The markets have been volatile, and some pockets have taken a heavy beating, especially mid caps, small caps and internet stocks. In this scenario, we take the opportunity to rebalance the Disruptors portfolio earlier than scheduled.


😨 Performance for Disruptors

Disruptors has been the worst-performing portfolio from our pack. Since January 1, 2022, the portfolio has been down 17% as of today (March 3, 2022). This has underperformed against both the Nifty 50 (-3.5%) and Equity Multi Cap (-4.3%).


This has been primarily because the portfolio’s composition is heavily skewed towards what’s been worst affected:

  • Mid caps and small caps together form 64% of the portfolio.

  • Internet stocks constitute to 22% of the portfolio. Most of these internet stocks have halved in value over the last few months.

♻️ Changes in Disruptors in March 2022

We are exiting Gujarat Gas, Greenpanel Industries and EPL.

Deletions

Reasons

Gujarat Gas

Rising natural gas prices

Increasing use of EVs in the segments that have been operating on gas

Greenpanel Industries

Invested in a better alternative, Stylam Industries instead

EPL

Heavy dependence on crude

Rising crude prices likely to hit profitability

We are adding Xpro India, Acrysil, Stylam Industries, Jubilant Ingrevia and Laurus Labs.

Additions

Reasons

​Xpro India

1. Makes dielectric films, which are used in capacitors. Capacitors are one of the most fundamental components in electronics. India's increasing usage and manufacture of electronic components.

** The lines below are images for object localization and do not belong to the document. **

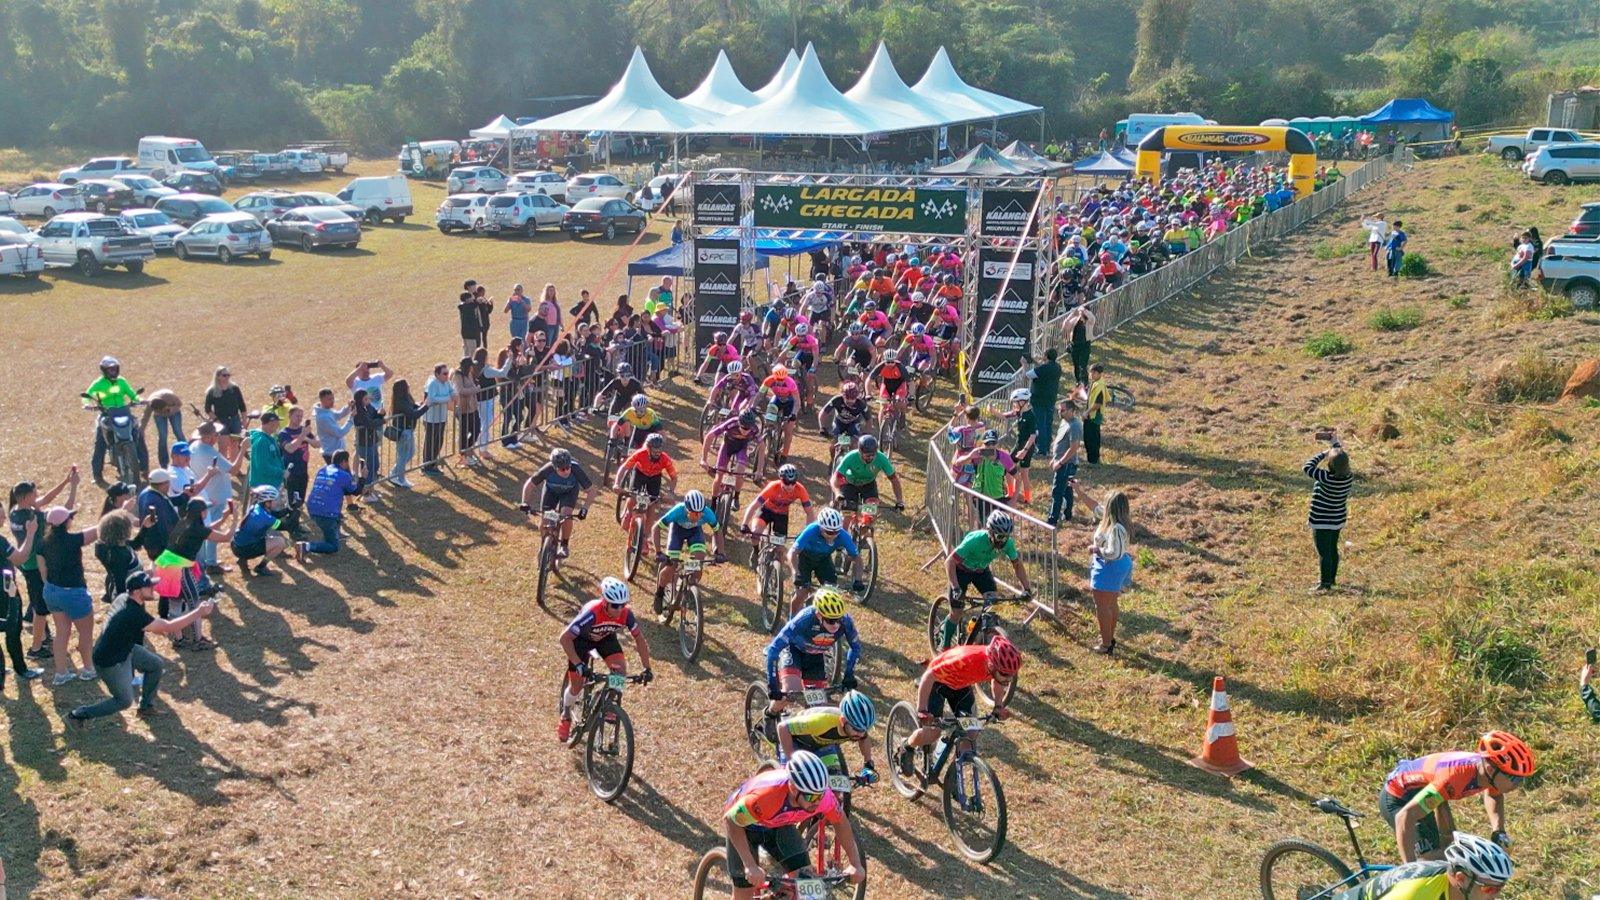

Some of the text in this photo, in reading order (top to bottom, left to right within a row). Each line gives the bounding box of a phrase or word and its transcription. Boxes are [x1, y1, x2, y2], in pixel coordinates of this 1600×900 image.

[800, 187, 916, 203] LARGADA
[697, 203, 735, 212] KALANGAS
[800, 203, 914, 220] CHEGADA
[854, 223, 884, 231] FINISH
[699, 282, 737, 291] KALANGAS
[982, 299, 1028, 309] KAANGAS
[700, 315, 737, 324] KALANGAS
[981, 334, 1026, 345] ALANGAS
[978, 370, 1013, 380] KALANG
[806, 691, 824, 702] 893
[830, 777, 849, 789] 825
[799, 884, 822, 896] 806

2. It is the lone manufacturer in India, and still serves only a third of the demand. Massive share gains likely in the future.

​Acrysil

​1. Manufacturers sinks, dishwashers and bath products. It is one of the only 4 Schock technology license holders; and the only composite quartz sink manufacturer in Asia.

2. Supply agreement with IKEA and pick-up in the real-estate/housing markets should add to growth in the future.

Stylam Industries

1. In laminates, it is the fastest-growing company in India, and largest exporter too. Growing market + comprehensive marketing strategies = Disruptive growth.

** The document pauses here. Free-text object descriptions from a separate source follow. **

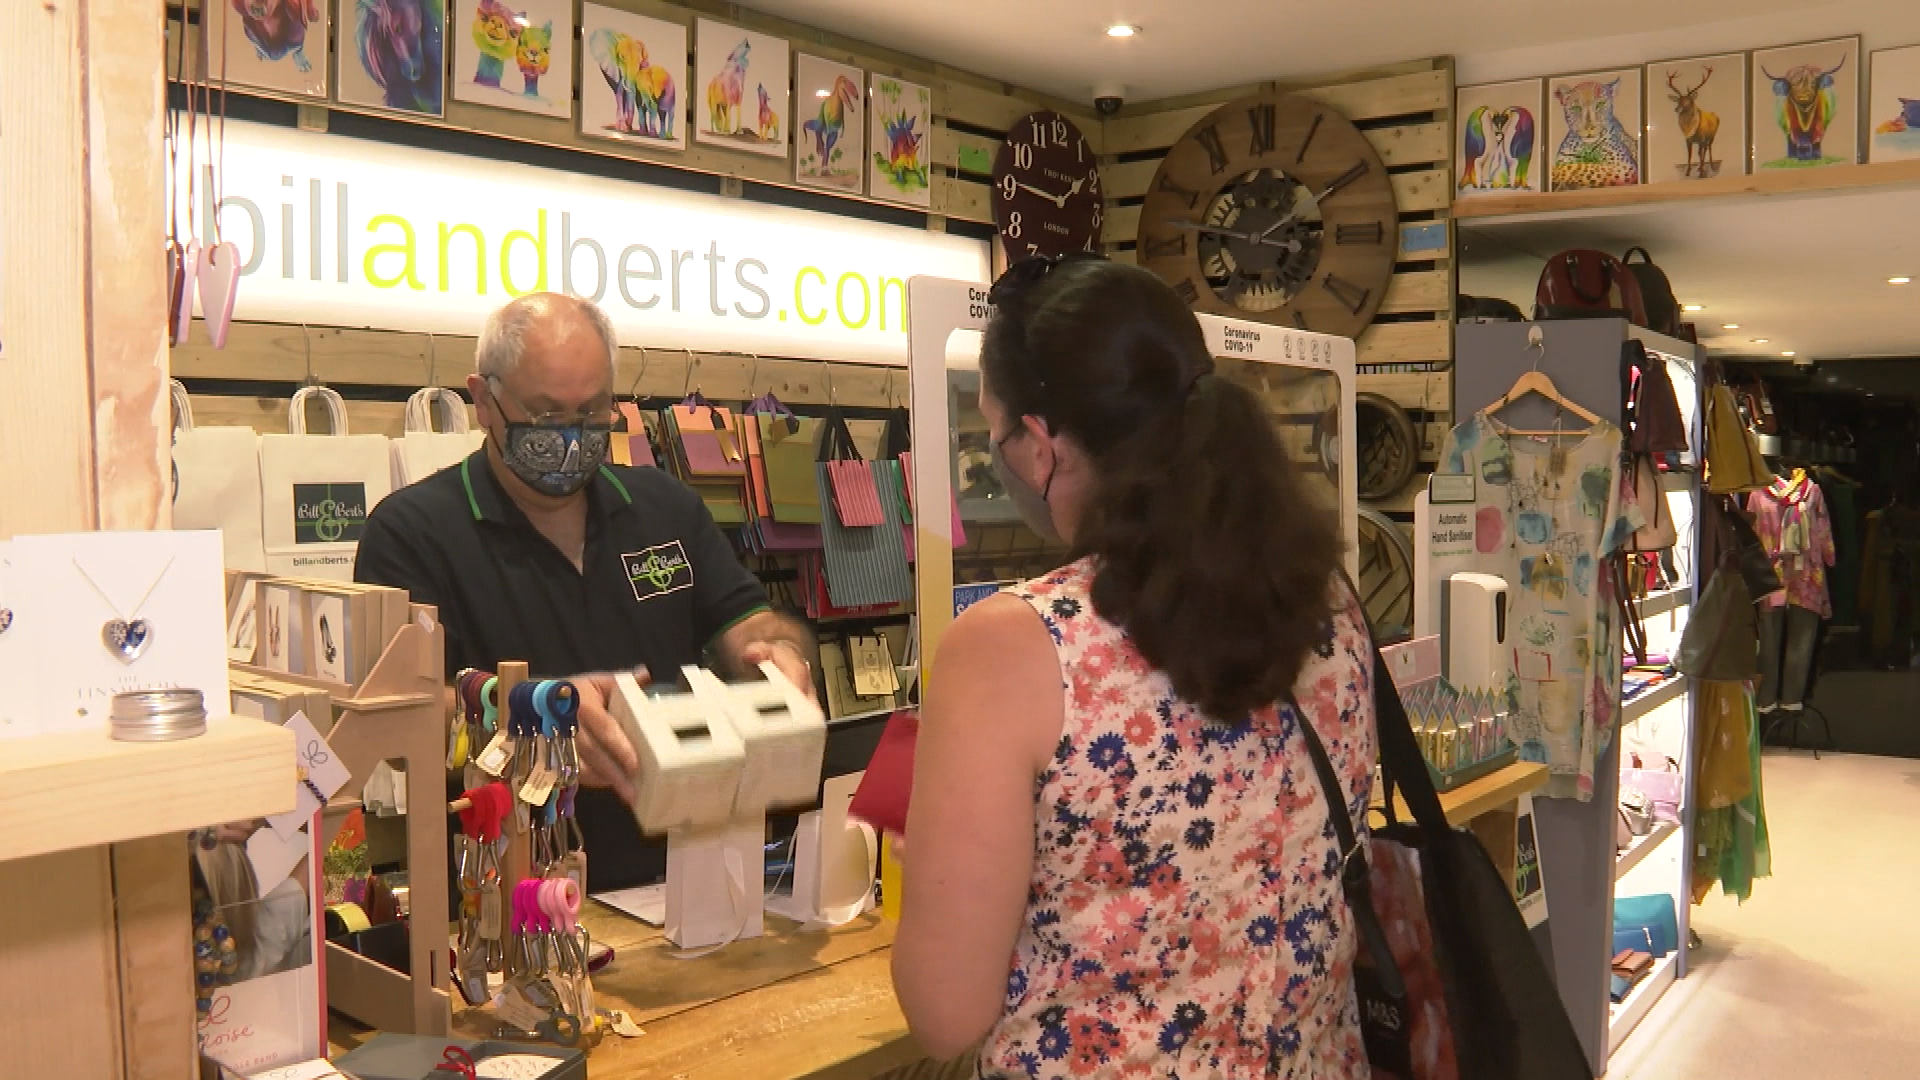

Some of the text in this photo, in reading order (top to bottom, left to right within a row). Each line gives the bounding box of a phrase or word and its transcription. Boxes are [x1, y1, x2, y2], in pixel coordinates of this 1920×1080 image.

[1032, 121, 1047, 148] 11
[1051, 119, 1068, 148] 12
[1013, 141, 1033, 170] 10
[1003, 174, 1017, 201] 9
[1089, 169, 1098, 195] 2
[1008, 211, 1022, 239] 8
[1043, 221, 1070, 236] LONDON
[1091, 203, 1101, 229] 3
[1224, 325, 1261, 341] Coronavirus
[1224, 339, 1254, 353] COVID-19
[1438, 513, 1468, 525] Automatic
[1432, 530, 1473, 542] Hand Sanitiser
[955, 589, 976, 604] PARK

2. The government’s focus on import substitution will help since current acrylic panel demand is fully serviced by imports.

​Jubilant Ingrevia

1. Globally integrated life sciences company; provides innovative solutions in pharma, nutrition, agro-chemicals and industrial.

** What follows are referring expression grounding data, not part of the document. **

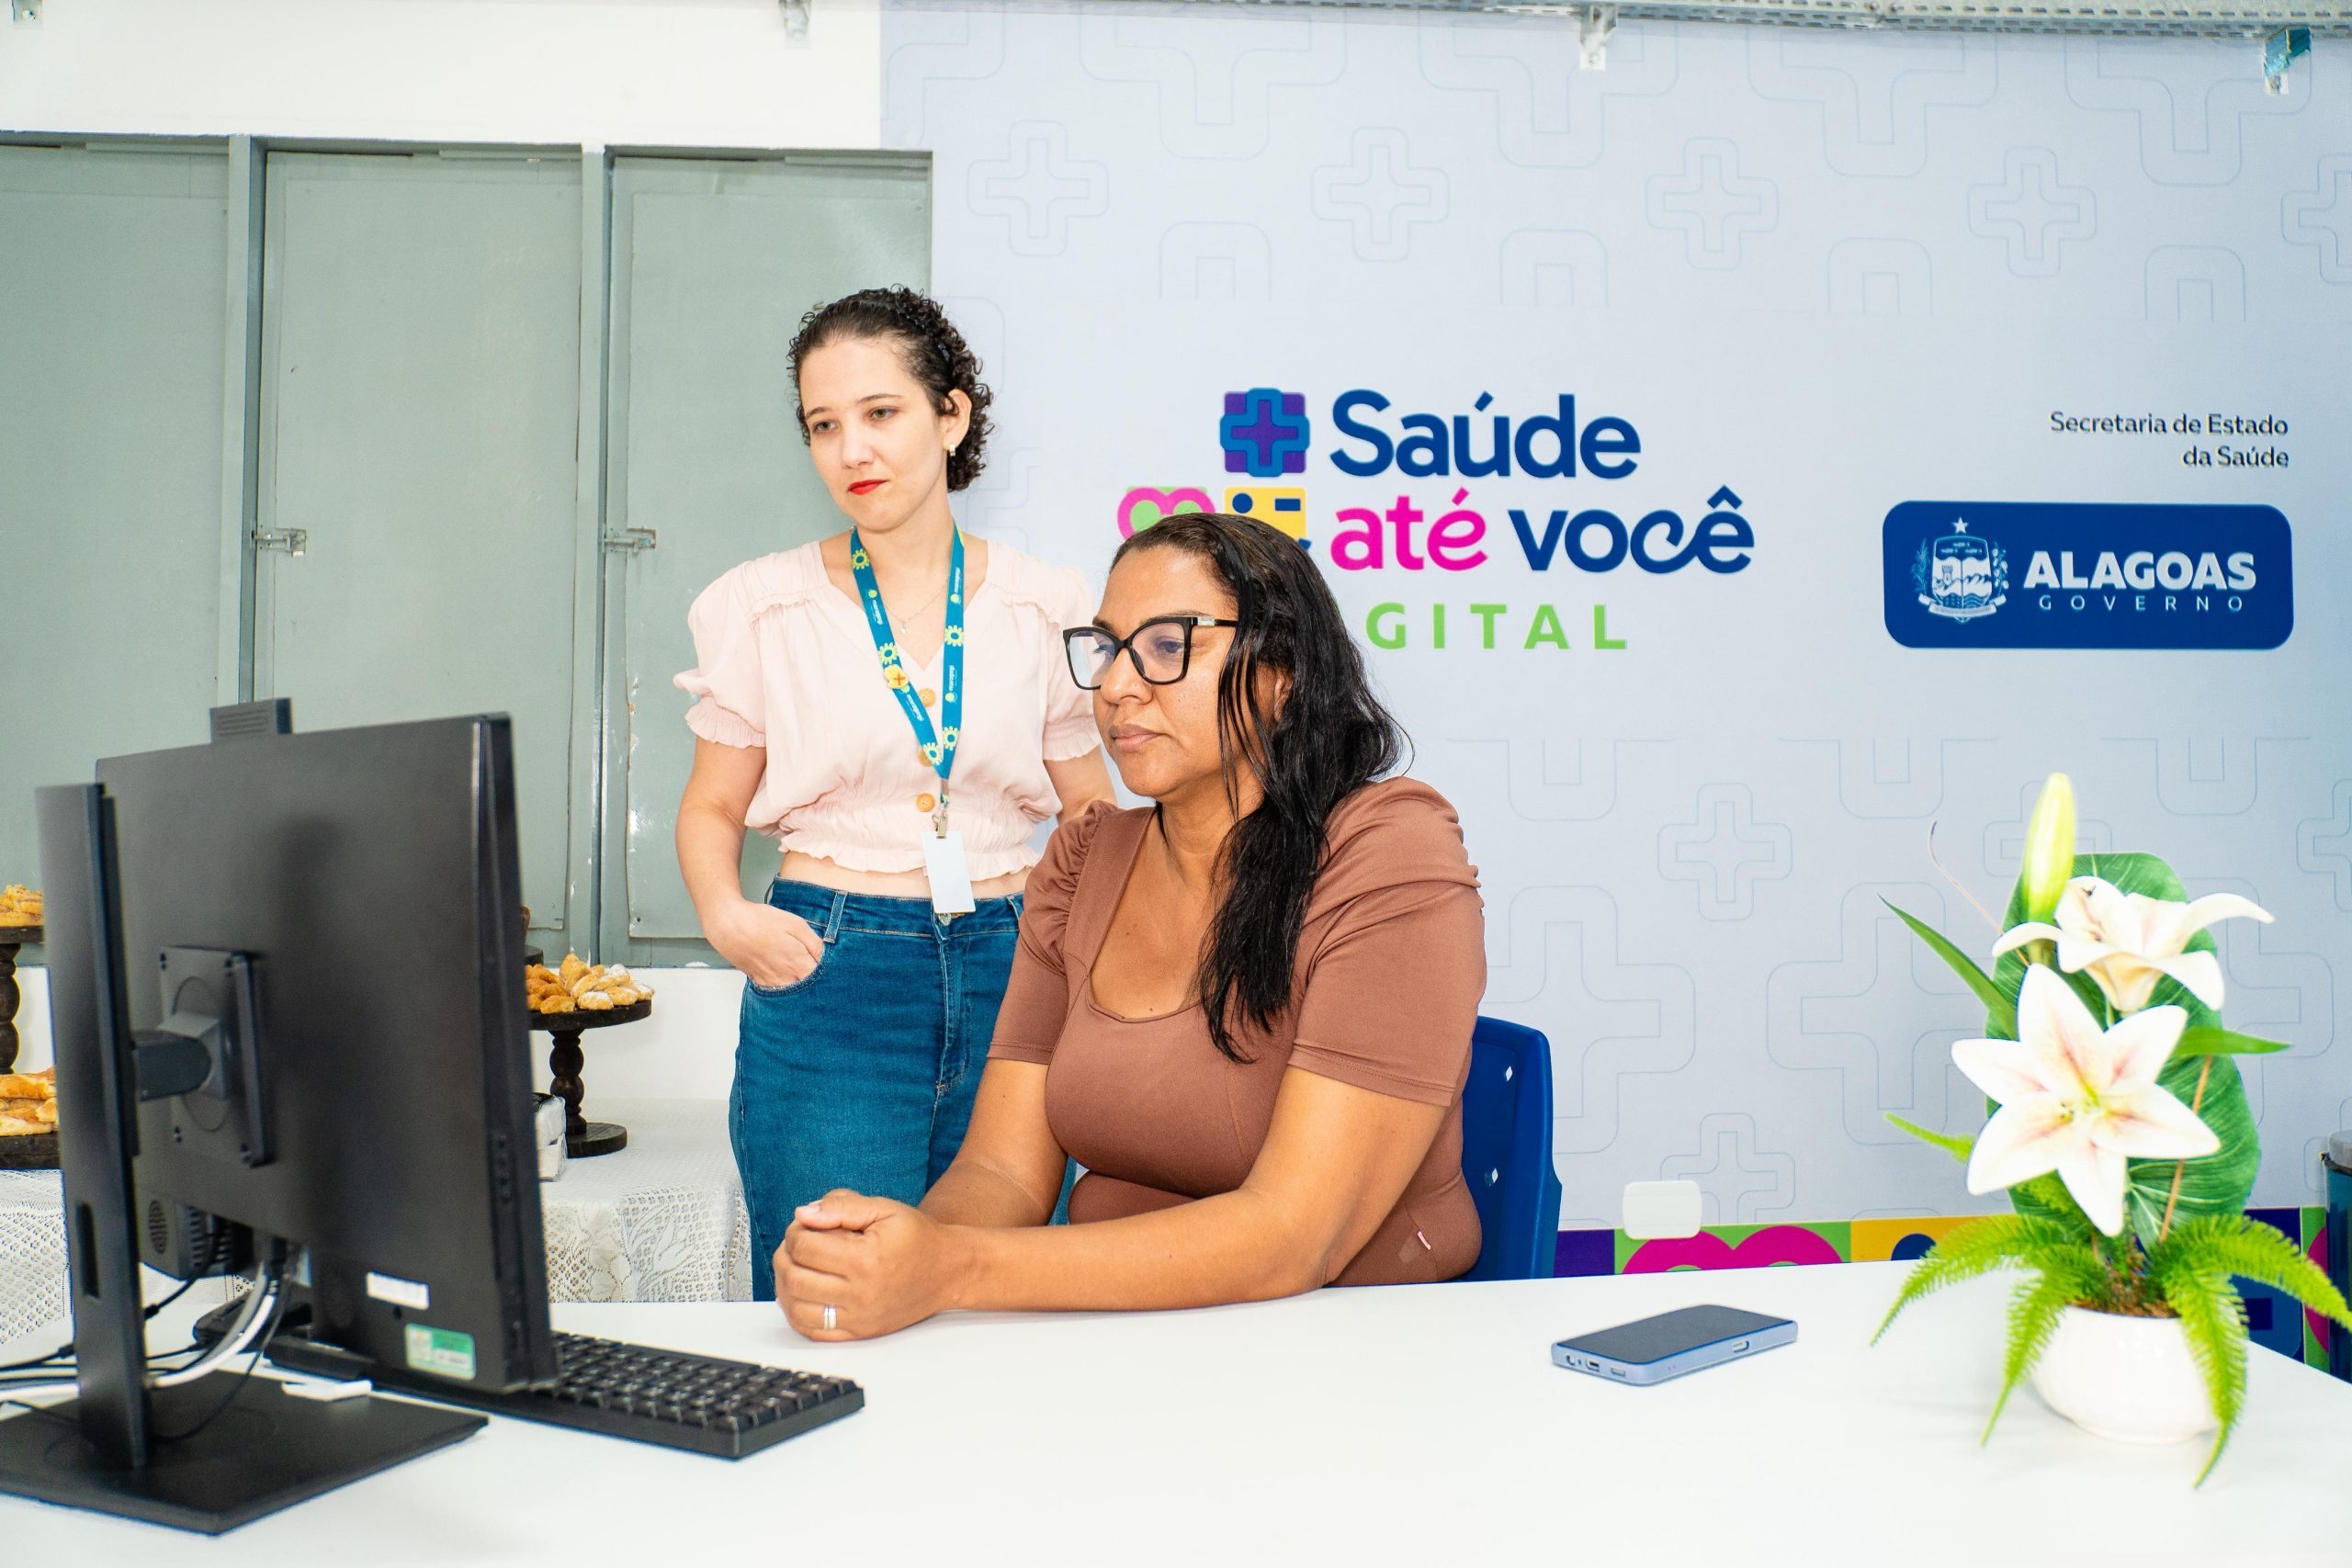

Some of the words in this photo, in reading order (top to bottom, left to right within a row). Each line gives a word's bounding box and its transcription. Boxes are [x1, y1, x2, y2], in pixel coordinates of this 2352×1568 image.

[1330, 389, 1641, 479] Saúde
[2050, 412, 2168, 434] Secretaria
[2173, 412, 2202, 435] de
[2208, 412, 2290, 437] Estado
[2182, 445, 2213, 468] da
[2217, 445, 2290, 469] Saúde
[1330, 488, 1487, 570] até
[1507, 485, 1754, 574] você
[2024, 552, 2256, 590] ALAGOAS
[2039, 595, 2243, 611] GOVERNO
[1366, 603, 1625, 649] GITAL

2. Moving up the value chain - will lead to premium pricing and better margins.

​Laurus Labs

1. Aggressively diversifying from anti-HIV APIs by moving into niche APIs and formulations.

2. Like the company because it targets which are innovative and niche, where it has a competitive edge and an ability to better manage supply chains.


📱 Maintaining exposure to internet stocks

We are maintaining exposure to internet stocks despite them eroding in value. We continue to hold on to Zomato, CarTrade and Policybazaar to the same extent as earlier. Why?

  • The three companies fit very well into the theme of the portfolio. We see all three of them disrupting their respective industries, and successfully.

  • Over the long run, we see these companies maintaining (or bettering) their dominance in their respective markets.

  • These companies may not be profitable at the moment, but they have managed to change customer habits for good. Profitability now is just a function of time, scale, and pricing.

  • We see a high probability for valuations to command a premium compared to the market. Higher valuations will be justified by disruption, high-growth, capturing of new markets, market leadership, and steep profitability expansion.

  • Whilst valuations have seen massive erosion over the last few months, we see this as a buying opportunity, especially when the companies are fundamentally strong, and have promising prospects.

  • We also attribute a large part of the fall in stock prices in these companies as part of the global trend of movement towards safer assets. Globally, fears of inflation and geopolitical stress have triggered a flight to safety, and the impact of that can also be seen on internet stocks in the US. We see this as a temporary movement, caused by overpowering factors, which will see resolution over time.

We are hence sticking around with our decisions on internet stocks despite them losing a large chunk of their value in recent times.